Solving for Inclusion, Speed, and Trust

Yes, the focus is on speed – but also on serving more borrower profiles. From aging homeowners exploring reverse mortgage options to gig workers with non-traditional income, lenders need tools that don’t just process data but understand it.

TRUE’s trusted data engine makes this possible. By instantly reconciling docs and extracting the right insights, lenders can serve complex borrowers with confidence and deliver a modern, seamless experience. Freddie Mac explicitly expects lenders to monitor AI systems for performance, security breaches, and bias in its AI/ML section. It also calls out specific AI threats such as data poisoning and adversarial inputs. That means trust in mortgage AI is no longer only about extraction accuracy or faster cycle time, but also about resilience, explainability, governance, and evidence that the system is being monitored over time.

Brokerage Consolidation: Tech Is the New Differentiator

The wave of acquisitions across real estate and lending from Rocket to Lower to Compass signals that the old model of loosely connected systems is fading. Lenders either need to control more of the experience or partner with vendors who provide seamless interoperability.

This is where TRUE stands apart. We don’t require a rip-and-replace strategy. We integrate instantly and operate in the background, acting like invisible coworkers that accelerate cycle times, improve data quality, and reduce overhead. That interoperability story matters even more in a market where lenders are being asked to prove control over cloud environments, access management, logging, vendor risk, and software development practices under Freddie Mac’s Information security requirements. The more fragmented the stack, the harder that proof becomes. The more unified and operationally consistent the system, the easier it is for lenders to manage both scale and compliance.


Information Security Is Now Part of the AI Conversation

Freddie Mac’s updated Information security requirements make one thing clear: AI governance cannot be separated from core security controls.

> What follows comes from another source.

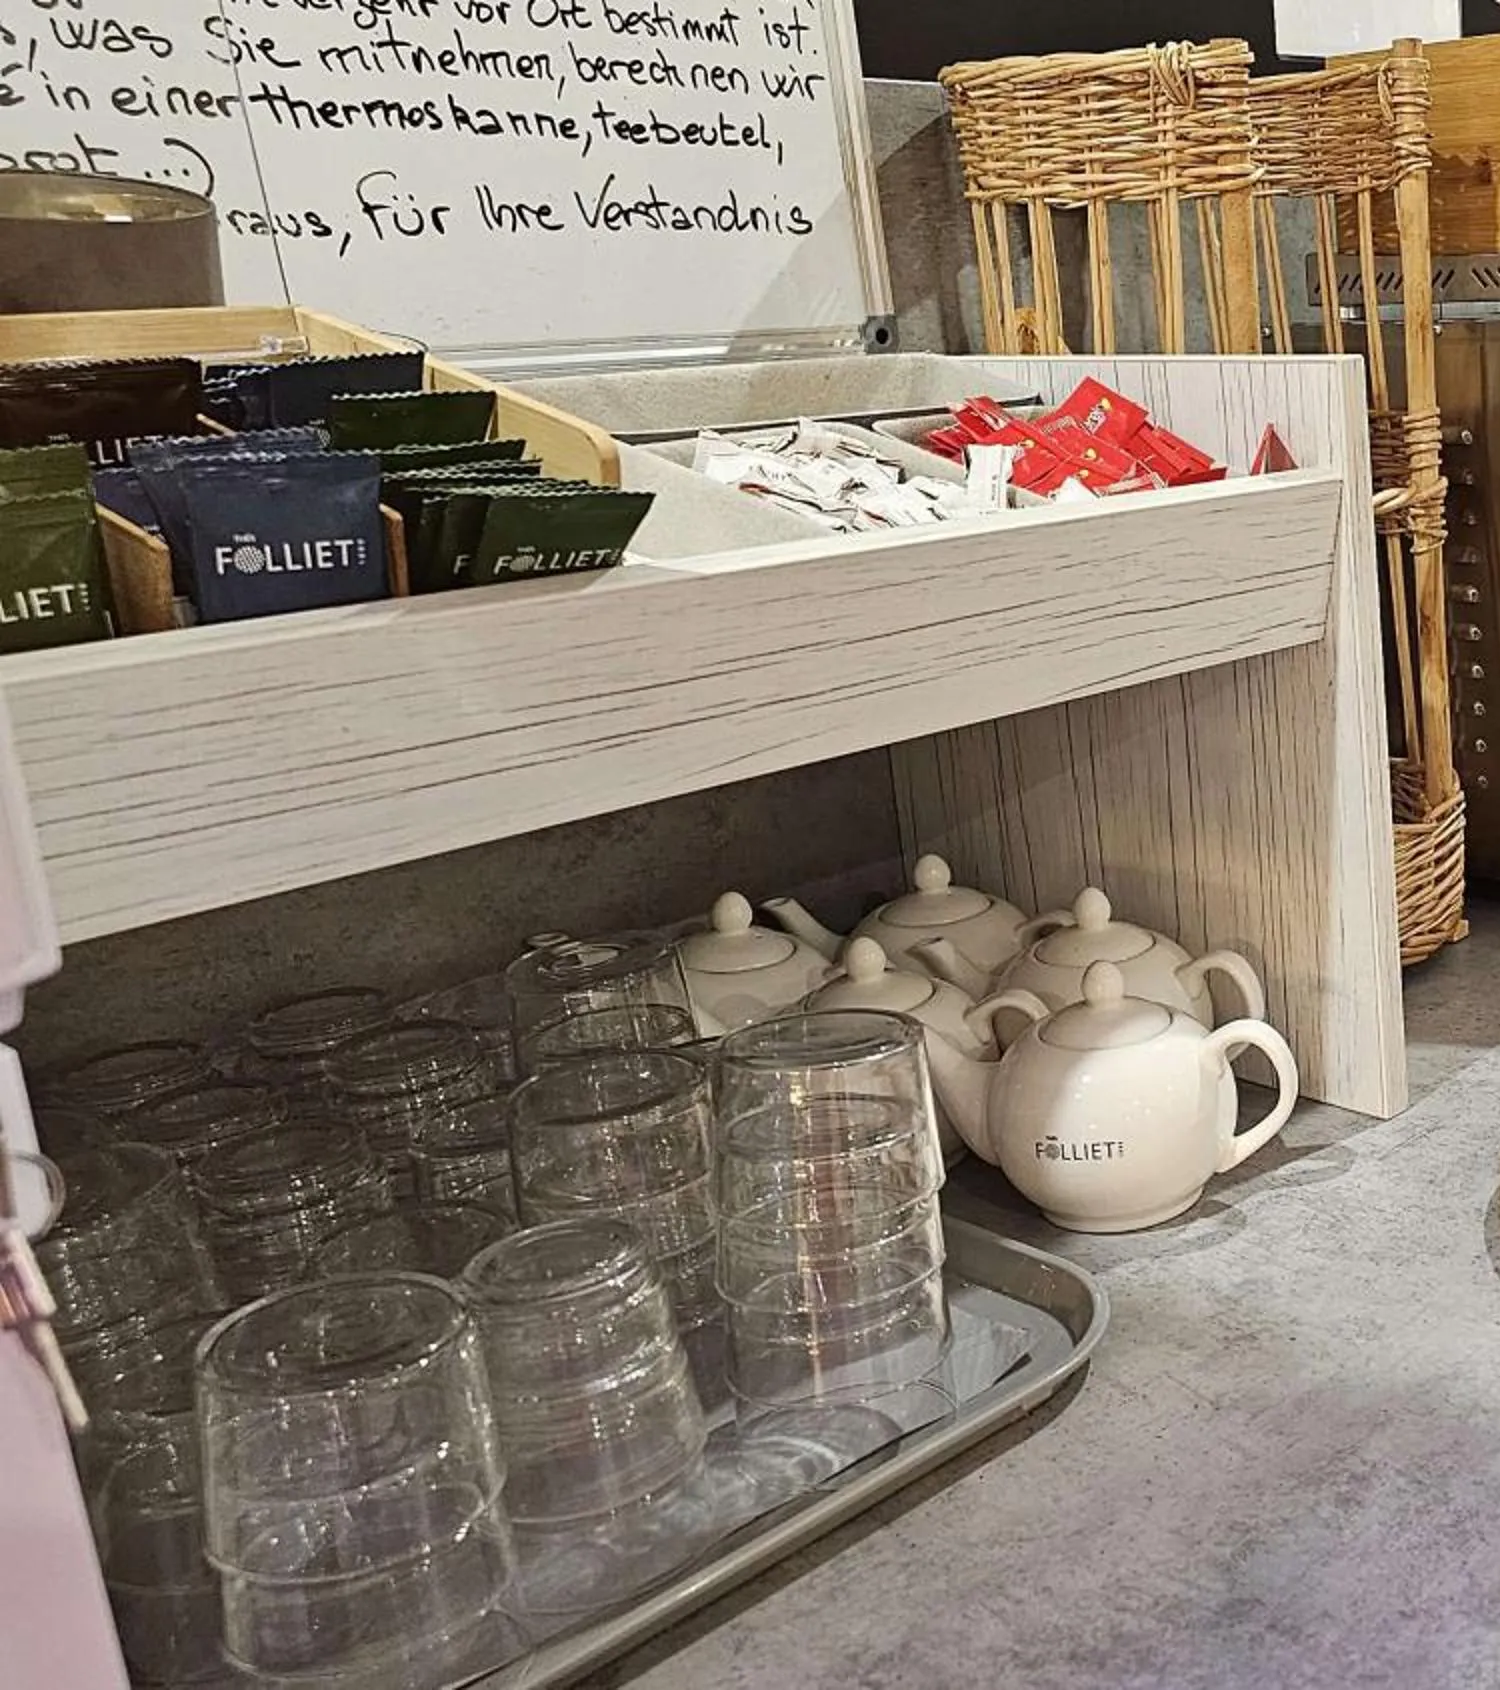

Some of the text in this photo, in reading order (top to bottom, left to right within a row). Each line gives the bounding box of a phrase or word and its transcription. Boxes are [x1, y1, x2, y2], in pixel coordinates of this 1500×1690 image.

Mortgage sellers and servicers are expected to maintain formal information security programs, annual reviews, data loss prevention controls, vulnerability management, penetration testing, encryption policies, access controls, incident response plans, cloud risk policies, and vendor risk management processes.

The training requirements have also evolved. Freddie Mac says in its Information security section that annual security awareness training should include current cyber threats such as phishing, social engineering and supply chain attacks. AI-powered tactics like deepfakes and targeted phishing, and threats to AI systems such as model inversion, data poisoning, and prompt injection. That is a signal to the market that AI risk is now both an internal operating issue and an external threat vector.

For lenders, this means every AI conversation should now include questions like: 

Who owns the model or workflow? 

How is access controlled? 

What is logged? 

How is bias monitored? 

What It All Means

Let’s be clear:

  • Volume is coming. But the winners will be those who can scale intelligently.
  • AI isn’t optional. It’s the new operating system for lending.
  • Trusted, instant data is the lever to borrower satisfaction and LO performance.
  • Tech stacks are becoming recruiting tools. LOs will flock to lenders that give them speed and certainty.

TRUE delivers all of this now. Not a roadmap. Not a lab experiment. Operational automation that works today.

And now the market has a stronger standard for what “works” really means. It means AI that can be governed. AI that can be monitored. AI that can stand up to audit and security scrutiny. AI that fits inside a lender’s real operating environment, not outside of it.

By year-end, the gap between lenders who act and those who wait will be even wider. At TRUE, we’re helping our clients land firmly on the winning side with AI that doesn’t just support your business but amplifies it. In this next phase of the market, the advantage will not go only to lenders that adopt AI first. It will go to lenders that adopt it responsibly, operationalize it fully, and build it into secure, trusted mortgage workflows from day one.